Seattle survey wants to know: How do you feel about public safety?

To address the polarizing issue of crime and public safety, the Seattle Public Safety Survey needs your participation.

Four public safety photos

From top left, clockwise: A lone tent is pitched between E Marginal Way S and Highway 99 in the Industrial District on June 11, 2019. (Paul Christian Gordon for Crosscut) Seattle Police Department during May Day demonstrations in Seattle on Monday, May 1, 2017. (Matt M. McKnight/Crosscut) Torin Bracey yells chants during a ‘Count Every Vote, Protect Every Person’ rally and march in Pioneer Square on Nov. 4, 2020. (Dorothy Edwards/Crosscut) Seattle Police Department's Crisis Response Team officer Sandlin Grayson responds to a possible overdose call at Third Avenue and Olive Way in downtown Seattle, August 6, 2020. (Matt M. McKnight/Crosscut)

Over the past six months, the Seattle University Crime and Justice Research Center convened a series of dialogues between police and the community about one of the most polarizing issues in the city: public safety.

The focus of the discussion, which was part of the Seattle Police Department’s Micro-Community Policing Plans, was the 2020 Seattle Public Safety Survey. This annual survey, now in its seventh year, seeks to capture the public safety concerns of residents across the city’s neighborhoods. The goal is to discern how the community and police can work together to make Seattle safer.

When you put protesters, crime victims, business owners, workers and neighborhood residents together with sworn and civilian police personnel, the debates are rich and wide ranging. But, broadly speaking, the dialogues around last year’s survey revealed two general camps. On one side are claims that public safety has decreased because of rising violent crime; the proliferation of visible homelessness and persistent lack of housing, addiction or mental health services; and the defunding of the police budget. Community members who share these perspectives ask: Who will respond to 911 calls as police staffing levels hit all-time lows? What should community members do if they are victimized and police can’t respond? Will the legal system no longer hold individuals accountable for violating the law? How can community members support the police? Who should be responsible for public safety, if not police?

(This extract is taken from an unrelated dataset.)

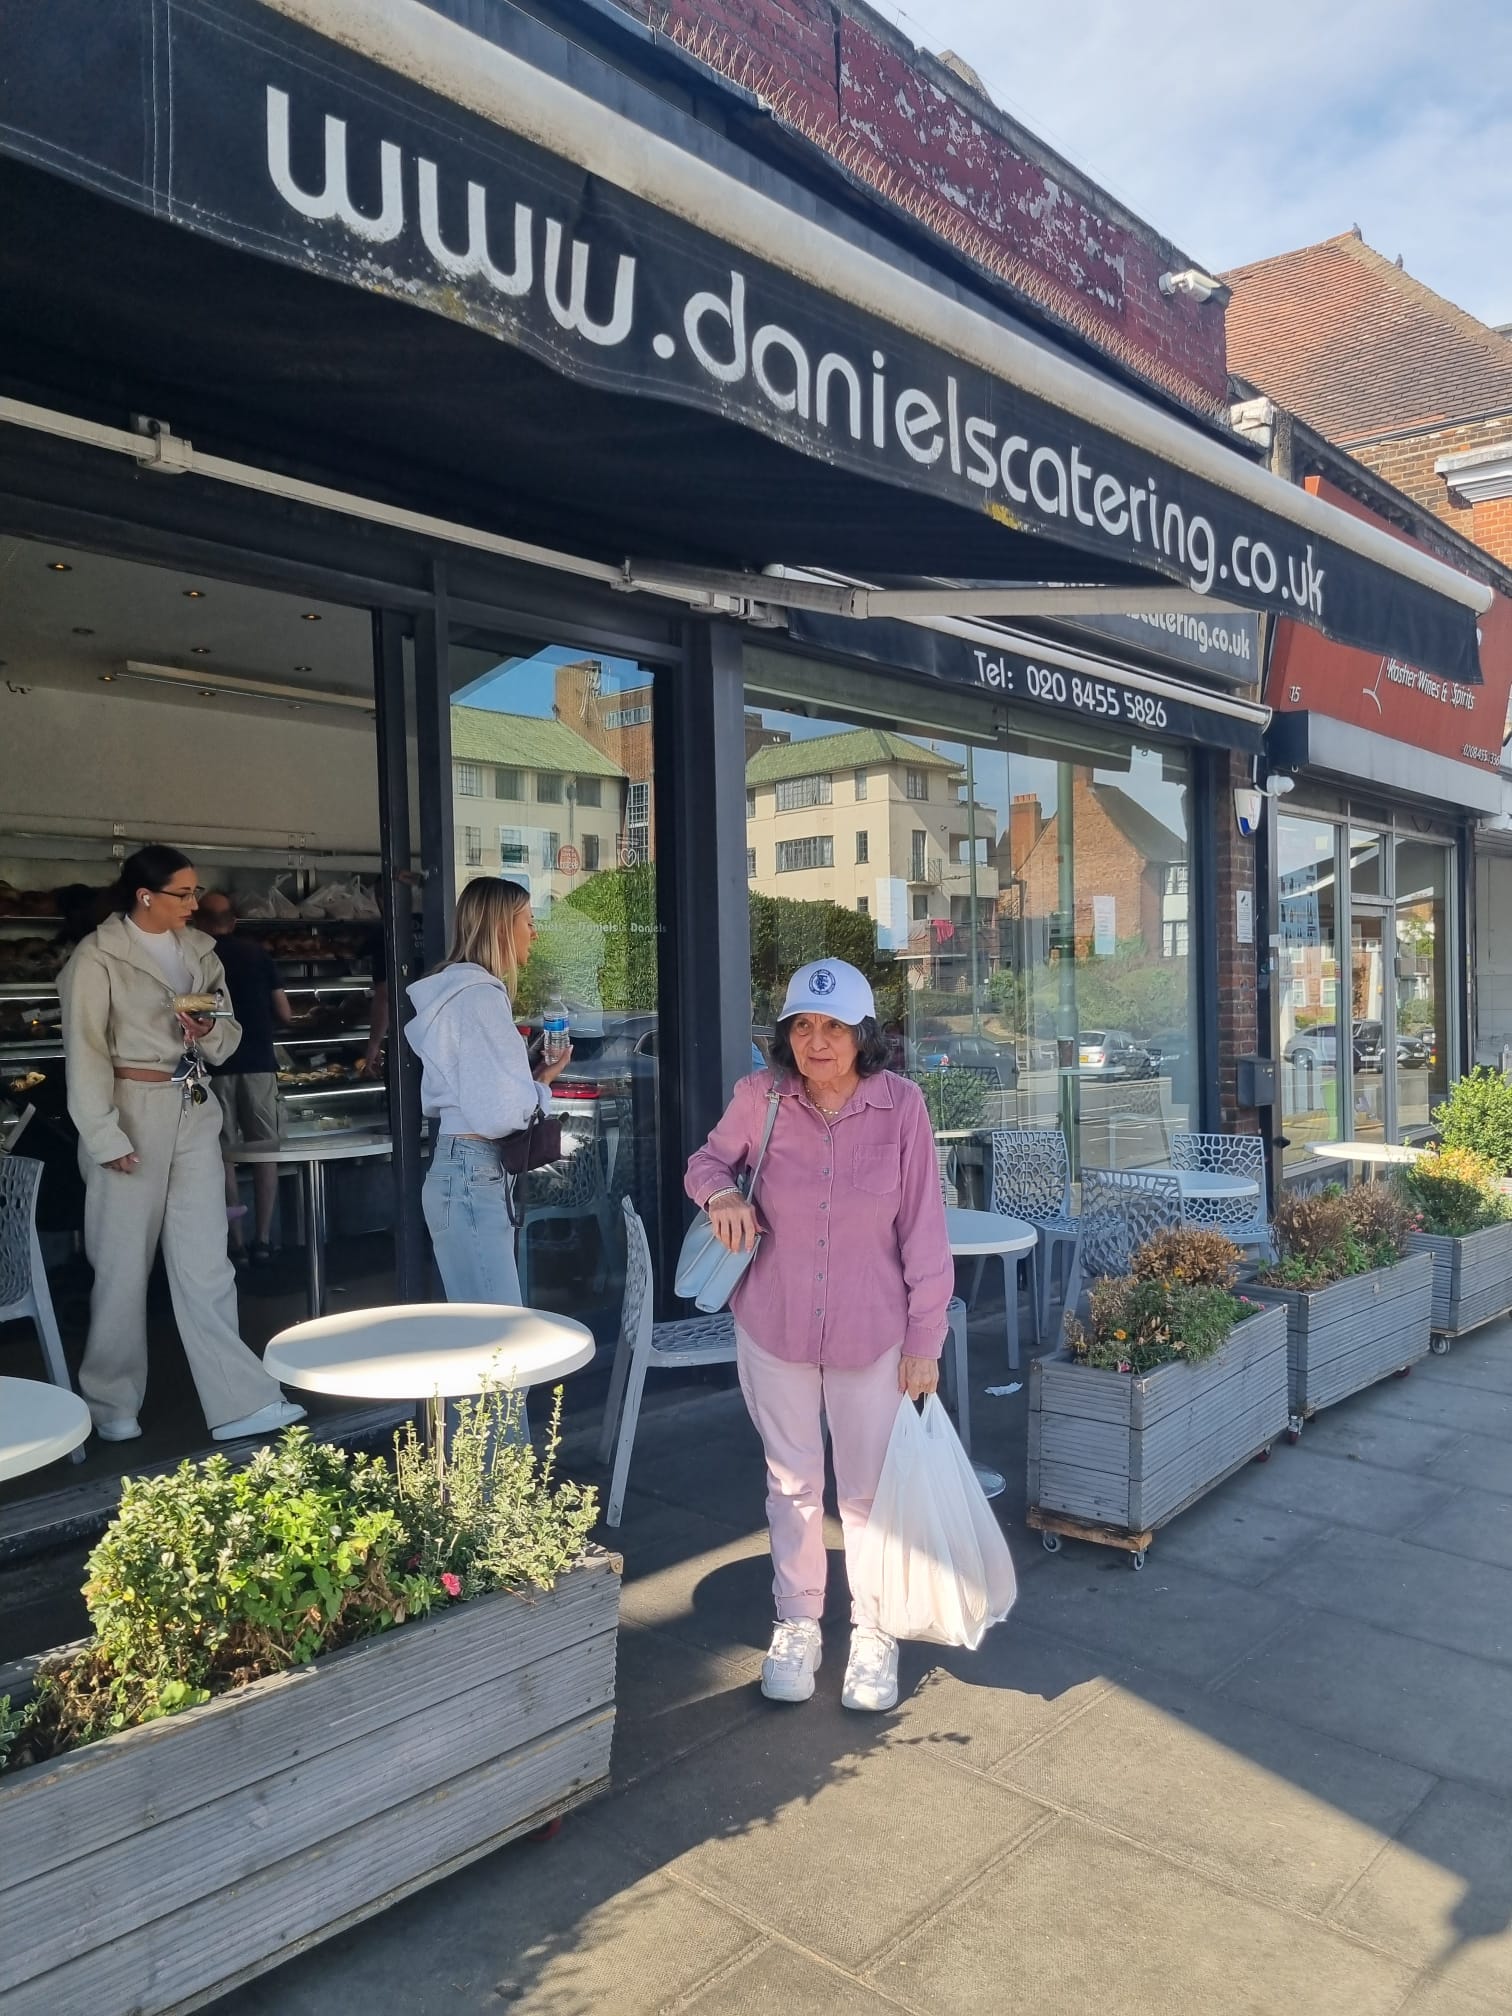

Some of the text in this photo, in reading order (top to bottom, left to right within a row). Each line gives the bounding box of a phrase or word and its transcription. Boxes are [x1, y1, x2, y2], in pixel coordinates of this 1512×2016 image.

[266, 83, 1324, 617] www.danielscatering.co.uk
[973, 650, 1167, 728] Tel: 020 8455 5826
[1387, 657, 1475, 710] Kosher Wines & Spirits
[630, 922, 667, 934] Daniels

On the other side are arguments of a different sort. Some maintain that it’s alarmist to claim that defunding or abolishing the police will result in rising crime and violence, and that police presence in fact decreases public safety and increases harm through militaristic interactions and violence. Community members who share these perspectives ask: If police commit harm and calling 911 contributes to systemic racism, who should community members call for assistance? How will we ensure these new systems do not also propagate systemic racism? What nonpolice services will be built up to respond to crime? How can homeless encampments, drug addiction and mental illness be addressed in ways that do not involve police?

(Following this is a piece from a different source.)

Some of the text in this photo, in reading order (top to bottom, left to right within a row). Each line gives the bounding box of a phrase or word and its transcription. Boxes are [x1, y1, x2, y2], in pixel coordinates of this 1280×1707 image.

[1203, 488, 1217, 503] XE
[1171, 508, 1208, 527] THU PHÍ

It might seem like the distance between these two camps is vast. It doesn’t help that media and politicians amplify perspectives that represent extremes of the discourse. But despite these polarized perspectives, and our innate tendencies to confirm our own biases, the participants in our dialogues possessed a willingness to listen to each other and consider ideas that were new or different. With a shared understanding of how communities feel — backed by real data — we can have productive conversations that get us closer to solutions to our biggest public safety challenges.

Views about public safety exist on a spectrum. During the past seven years, we have collected data along that spectrum through the Seattle Public Safety Survey, which has been completed by tens of thousands of community members since 2015. Last week, we launched this year’s survey. It is one of the best tools we have to inform responses to legitimate and perceived concerns about crime, public safety and quality of life throughout Seattle.

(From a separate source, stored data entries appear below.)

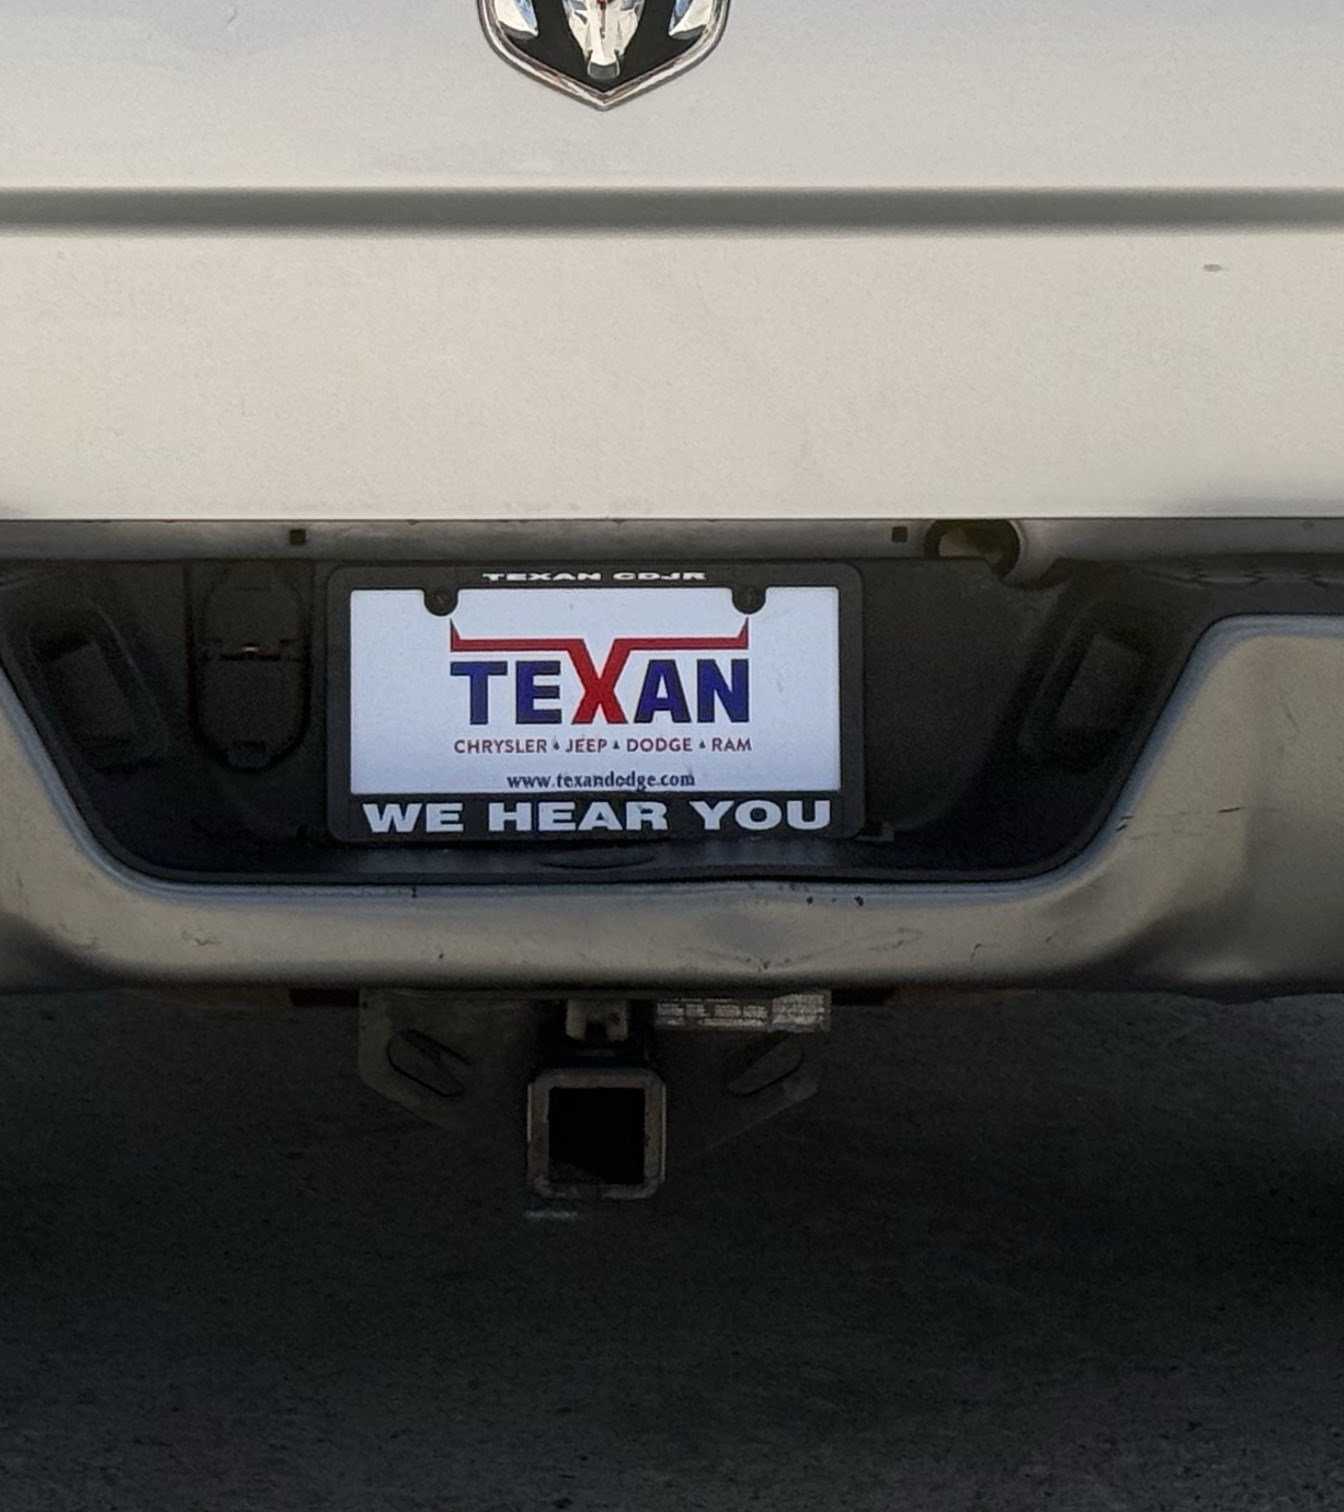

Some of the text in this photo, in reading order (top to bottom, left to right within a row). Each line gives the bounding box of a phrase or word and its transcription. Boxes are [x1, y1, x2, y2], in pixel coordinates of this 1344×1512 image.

[481, 571, 707, 582] TEXAN CDJR
[449, 638, 750, 726] TEXAN
[453, 737, 753, 754] CHRYSLER JEEP DODGE RAM
[506, 770, 696, 791] www.texandodge.com
[362, 799, 832, 833] WE HEAR YOU

The survey specifically measures community perceptions of public safety, quality of life and crime concerns in Seattle neighborhoods. Results can be compared across years and neighborhoods, yielding useful insight. And city agencies and community organizations can use the results to reimagine public safety, considering all perspectives across the public safety spectrum, even in a deeply polarized environment.

The survey findings can help determine whether community perceptions about public safety are connected to the number of crimes in a neighborhood. And the data can help make sense of how perceptions of quality-of-life elements of public safety — police legitimacy (how much people trust the police), social disorganization (neighborhood-level disorder), informal social control (willingness to get involved in public safety), social cohesion (closeness between neighbors) and fear of crime — are related to each other.

Perceptions of public safety and security impact quality of life. If a community member does not trust the police or believes the police have little or no authority, if they lack confidence that the police will come when they are called or are afraid of police violence, their quality of life is decreased. Likewise for someone who is afraid of crime, does not feel close to neighbors, or does not know how to contribute to their communities.

No two neighborhoods are the same. Understanding the nuances and unique experiences of Seattle’s many communities is important to the work of public safety. Community members in one neighborhood may report high fear of crime and low ratings of police legitimacy, while another may report low fear of crime and high ratings of police legitimacy. Unpacking these perceptions and directing city resources toward improving them can go a long way toward educating the public about informal ways to increase public safety without the police.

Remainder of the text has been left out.